*Task objective*. Beginning with the line containing "Some of the text" and ending with the last line, repeat the records exactly.

*Records for this exercise*.
****************************************
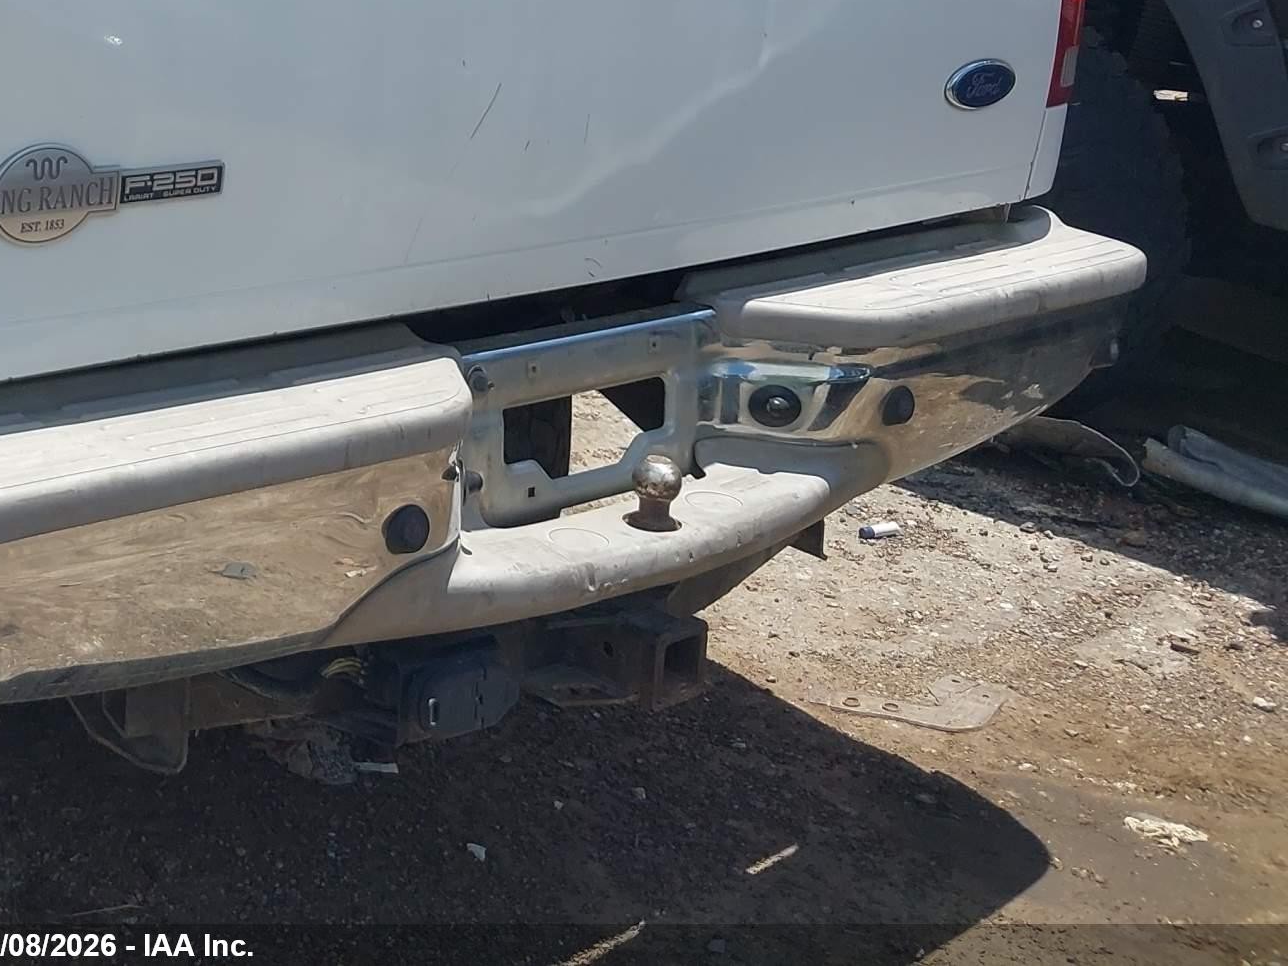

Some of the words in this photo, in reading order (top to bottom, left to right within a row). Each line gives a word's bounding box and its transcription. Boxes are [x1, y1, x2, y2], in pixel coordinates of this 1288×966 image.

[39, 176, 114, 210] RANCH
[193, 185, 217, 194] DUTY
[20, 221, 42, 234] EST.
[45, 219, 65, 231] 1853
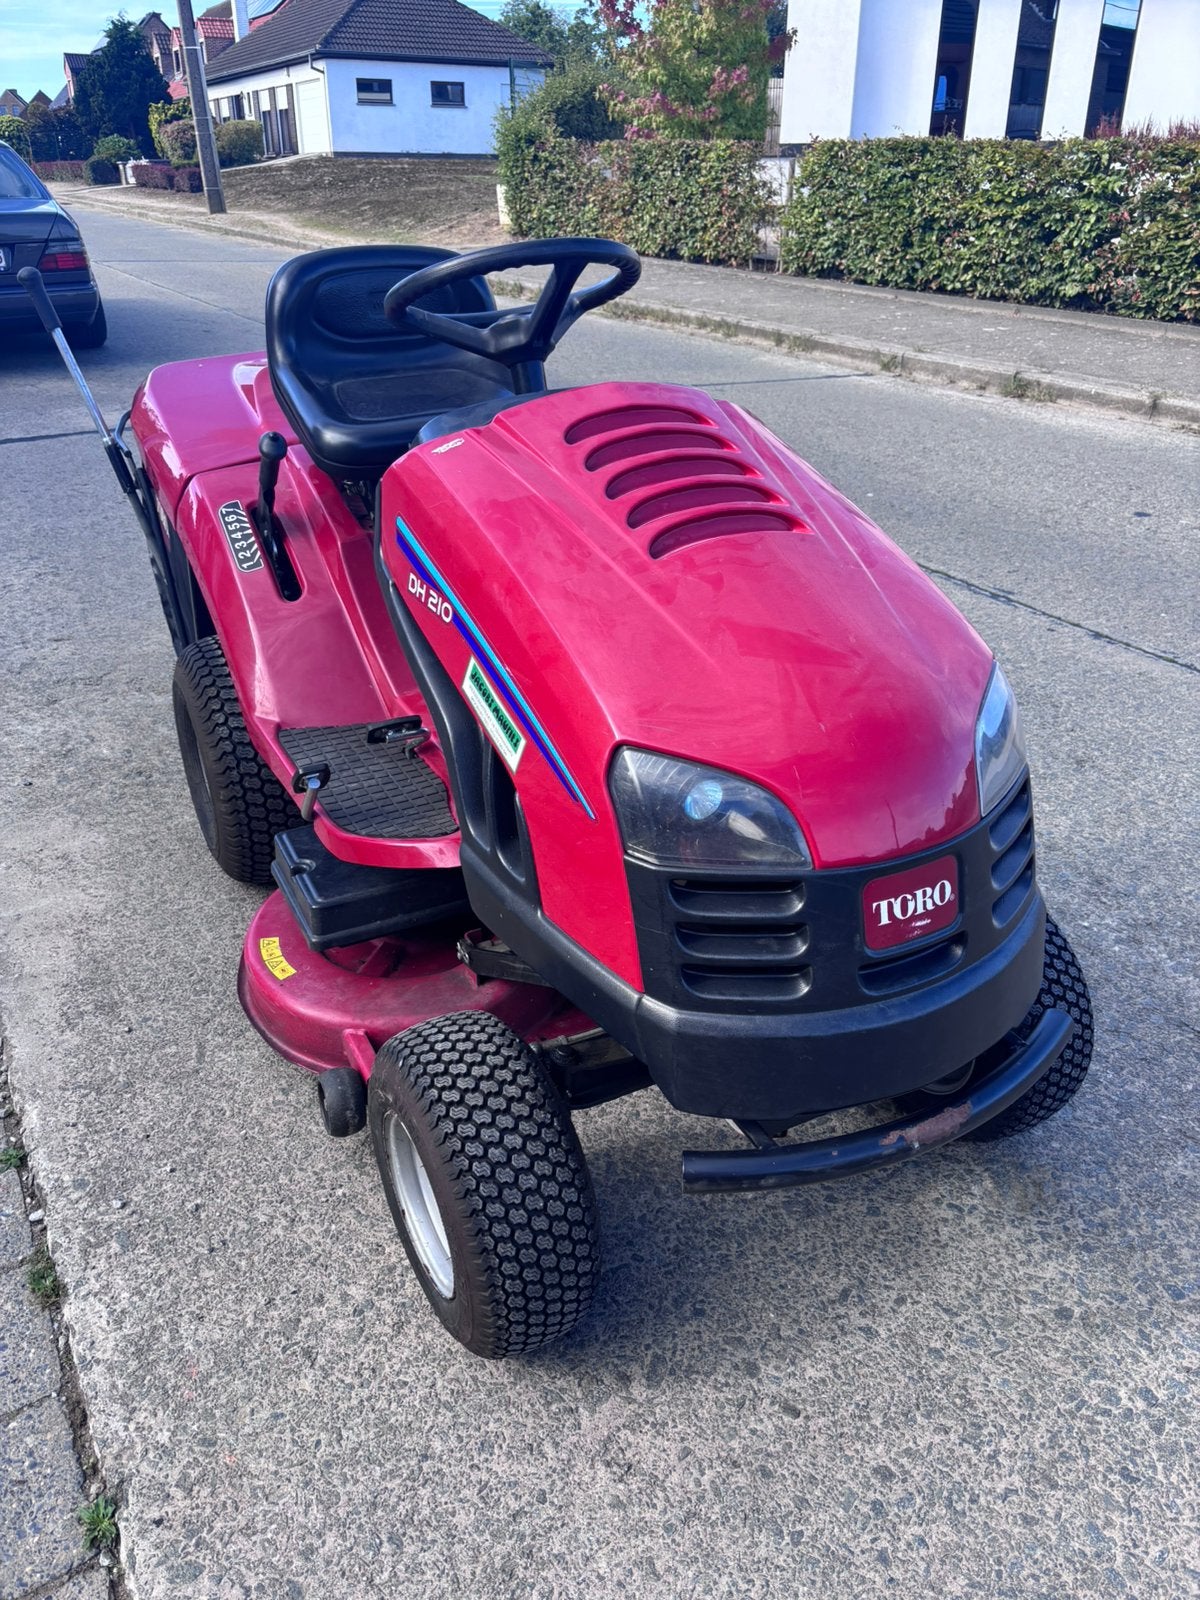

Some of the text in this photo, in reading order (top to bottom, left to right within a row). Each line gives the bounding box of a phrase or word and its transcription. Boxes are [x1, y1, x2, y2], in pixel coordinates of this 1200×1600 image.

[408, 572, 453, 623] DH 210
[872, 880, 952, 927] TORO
****************************************
*Solved problem*.
Some of the text in this photo, in reading order (top to bottom, left to right within a row). Each line gives the bounding box of a phrase or word and its transcription. Boxes are [x1, y1, x2, y2], in pixel coordinates of this 1200×1600 image.

[408, 572, 453, 623] DH 210
[872, 880, 952, 927] TORO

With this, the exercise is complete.